Rufus Tracy gave a short biographical sketch of his father, whom he described as not only a grain merchant, banker and president of the YMCA in Mansfield but also an early supporter of railroads. It was as a director of the Sandusky, Mansfield & Newark Railroad that Lathrop J. Tracy became acquainted with J.H. Stewart, a superintendent of the line.

After moving to California, Stewart was in charge of constructing the Central Pacific’s San Pablo and Tulare rail line, which ran 47 miles from Port Costa in Contra County to a point 3 miles east of the coaling station called Ellis, established in 1869 when the Central Pacific tracks had been laid across the Altamont Hills. Where the two rail lines met in 1878, a new town was created. Stewart, as construction superintendent, was charged with naming new stations and decided to name it after the family of the man he admired back in Ohio, Lathrop Josiah Tracy.

At the 1918 luncheon, Rufus Tracy also gave Tracy Mayor Nelson Dwelly two photographs of his father — one is of which is displayed in Tracy City Hall. After the luncheon, the visitors were given a tour of Tracy and surrounding areas, including the newly opened sugar mill and irrigated farmland.

Rufus Tracy, a senior partner in a Mansfield insurance company, returned to the growing California railroad town bearing the family name during a trip to California in 1929, this time bringing his wife along with other relatives.

He died June 29, 1953, in Mansfield, but his son Rufus Tracy II came here in 1978 from his home in Woodside to take part in the Tracy Centennial Celebration. He rode in the back seat of a convertible in the 11th Street parade along with Tracy Mayor Aymon Hall.

After the parade, Rufus Tracy II received a Tracy Centennial Proclamation from Hall during a brief ceremony in Dr. Powers Park.

Tracy historian Alan Hawkins, who had made contact with the Tracy family, and I had a chance to meet Rufus Tracy II during the celebration, and he told us how delighted he was to establish a connection with the town named for his family.

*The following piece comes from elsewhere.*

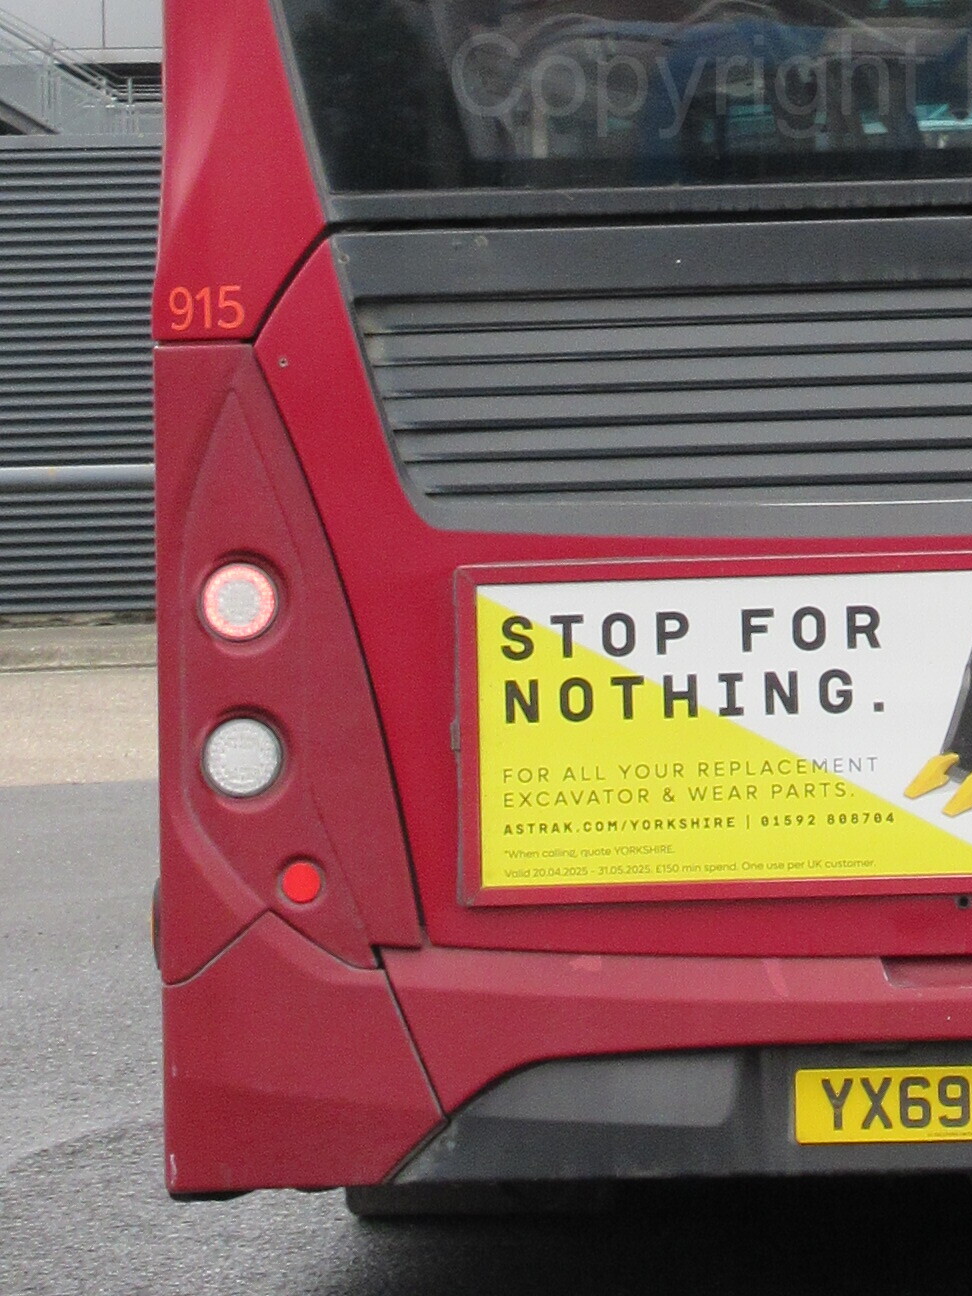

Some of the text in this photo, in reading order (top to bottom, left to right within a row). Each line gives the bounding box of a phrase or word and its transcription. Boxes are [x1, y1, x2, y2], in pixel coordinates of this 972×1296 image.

“Mr. Stewart was quite an admirer of my grandfather and honored him by naming a station after him,” he said. “That’s why I’m here 100 years later.”

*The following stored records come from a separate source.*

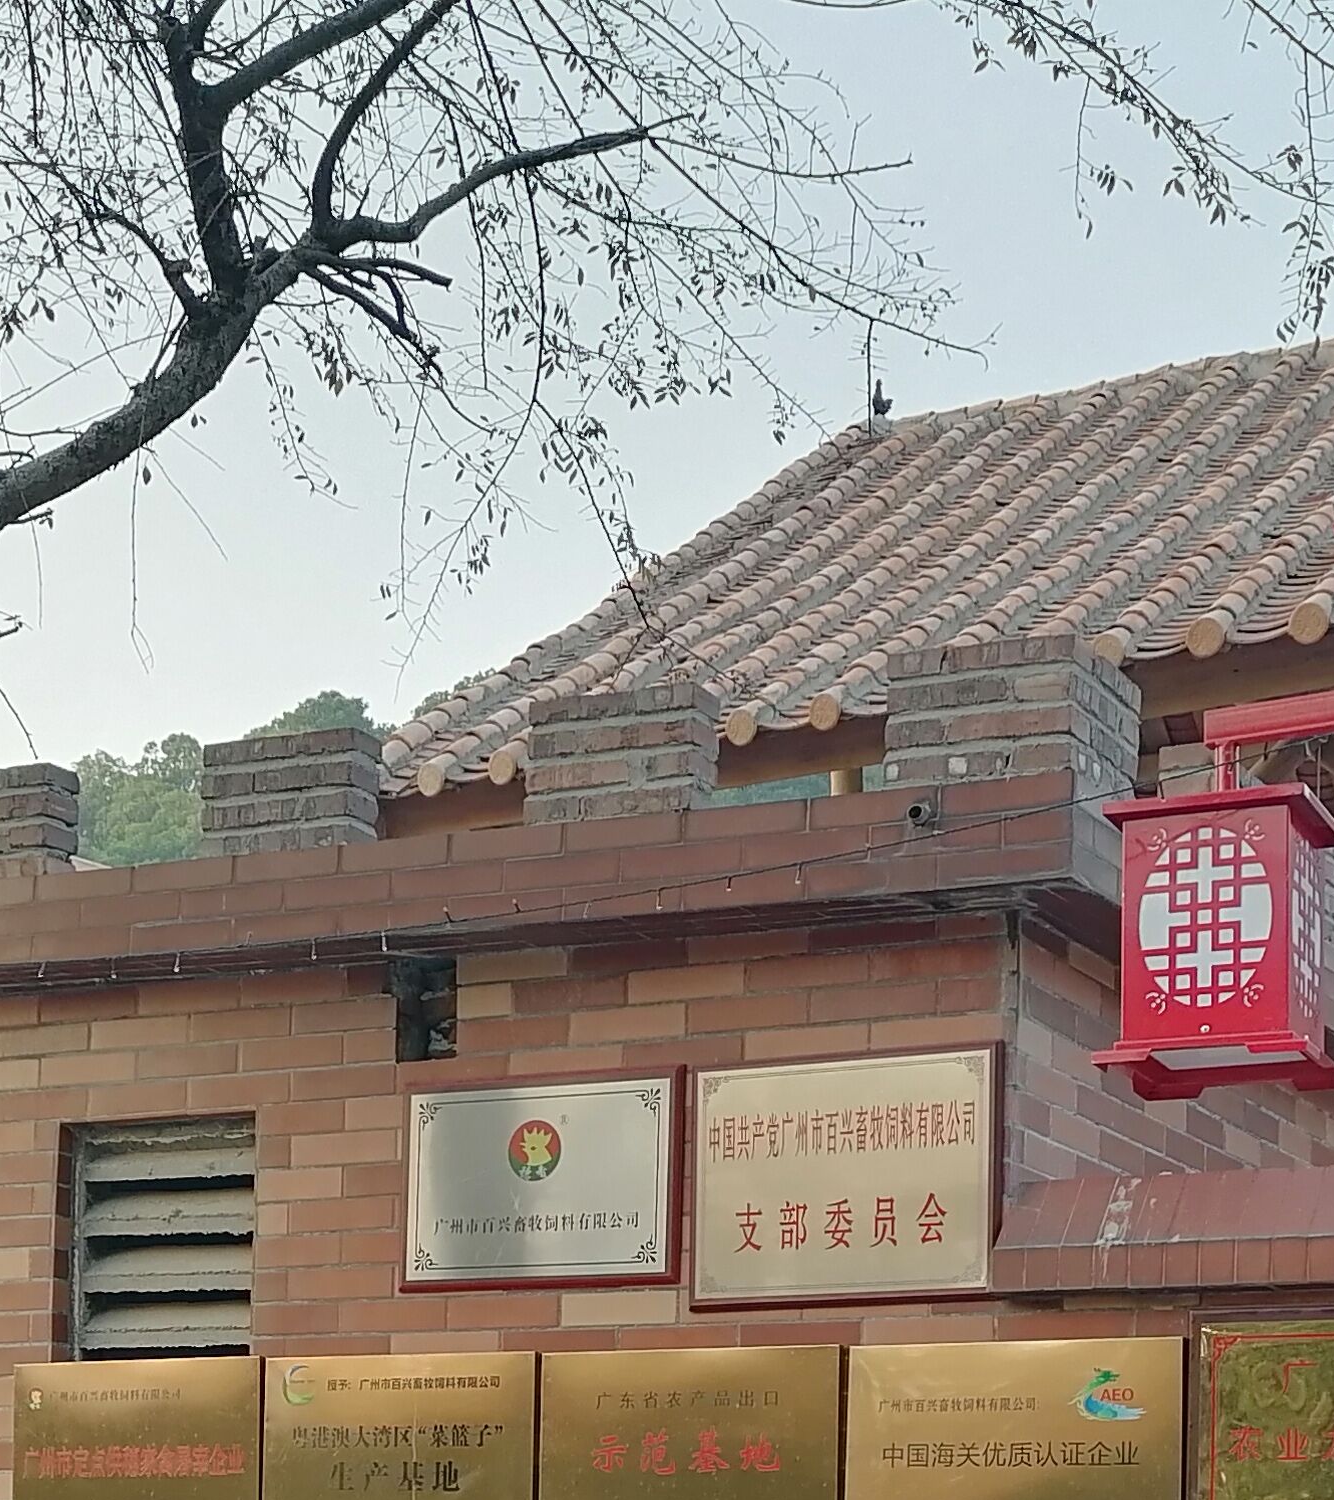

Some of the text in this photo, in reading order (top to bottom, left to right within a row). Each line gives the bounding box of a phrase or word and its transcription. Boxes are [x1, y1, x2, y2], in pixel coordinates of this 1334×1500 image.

[708, 1100, 976, 1163] 中国共产党广州市百兴畜牧饲料有限公司
[433, 1211, 640, 1236] 广州市百兴畜牧饲料有限公司
[734, 1192, 948, 1253] 支部委员会
[359, 1375, 501, 1391] 广州市百兴畜牧饲料有限公司
[1100, 1388, 1134, 1401] AEO
[595, 1390, 779, 1410] 广东省农产品出口
[591, 1425, 781, 1476] 示范基地
[882, 1441, 1140, 1468] 中国海关优质认证企业
[330, 1460, 460, 1492] 生产基地

He gave me documents tracing the Tracy family’s roots to Gloucestershire, England, and related to their many business and civic activities in Mansfield.

Rufus Tracy II, who had moved to California in 1945, lived a number of years in Woodside and, after retiring as a property investor and developer, moved to Carmel Valley. He died Feb. 1, 1995, at the age of 91. Several of his offspring continue living in the Bay Area.

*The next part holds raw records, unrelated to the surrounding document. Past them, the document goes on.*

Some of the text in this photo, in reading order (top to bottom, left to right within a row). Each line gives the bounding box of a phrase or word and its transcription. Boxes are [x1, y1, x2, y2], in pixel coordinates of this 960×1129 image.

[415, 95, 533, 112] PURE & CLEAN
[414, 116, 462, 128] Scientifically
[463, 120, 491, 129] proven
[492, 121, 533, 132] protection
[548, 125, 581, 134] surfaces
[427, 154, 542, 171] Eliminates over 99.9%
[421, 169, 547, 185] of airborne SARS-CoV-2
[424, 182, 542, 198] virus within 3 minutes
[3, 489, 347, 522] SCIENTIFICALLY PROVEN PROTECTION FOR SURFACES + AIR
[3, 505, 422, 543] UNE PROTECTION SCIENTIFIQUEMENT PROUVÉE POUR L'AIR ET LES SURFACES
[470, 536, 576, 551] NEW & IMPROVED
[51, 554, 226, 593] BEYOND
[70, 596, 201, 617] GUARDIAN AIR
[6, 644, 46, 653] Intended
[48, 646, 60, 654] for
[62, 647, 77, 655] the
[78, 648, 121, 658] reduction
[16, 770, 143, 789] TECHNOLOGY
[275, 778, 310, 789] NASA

So what about Lathrop J. Tracy’s first name — was it the source of the name of what is now the city of Lathrop? For a number of years, that was the belief, but further research made it evident that it was not the case.

For one thing, Lathrop was established in 1869, nine years before Tracy. And to cap it off, Leland Stanford, president of the Central Pacific (later Southern Pacific), had a major dispute in the 1860s with Stockton officials, who rejected his proposal to build a railroad line on El Dorado Street to connect trains from a rail yard in south Stockton to riverboats.

Never one to take things lying down, the railroad tycoon (and later governor, senator and university founder) pulled up stakes and built the rail yard 12 miles south of Stockton at the junction of two Central Pacific rail lines.

Lathrop was named for the family of Stanford’s wife, Jane Lathrop Stanford. Her brother Charles was a construction engineer working for the Central Pacific then, and his presence no doubt added weight to the Lathrop naming.

In its early years, Lathrop was a bustling rail center with a rail yard, roundhouse and shops — until 1894, when those Southern Pacific facilities were moved to Tracy. Now, 124 years later, it’s bustling again — and so is the only town named for Lathrop Josiah Tracy.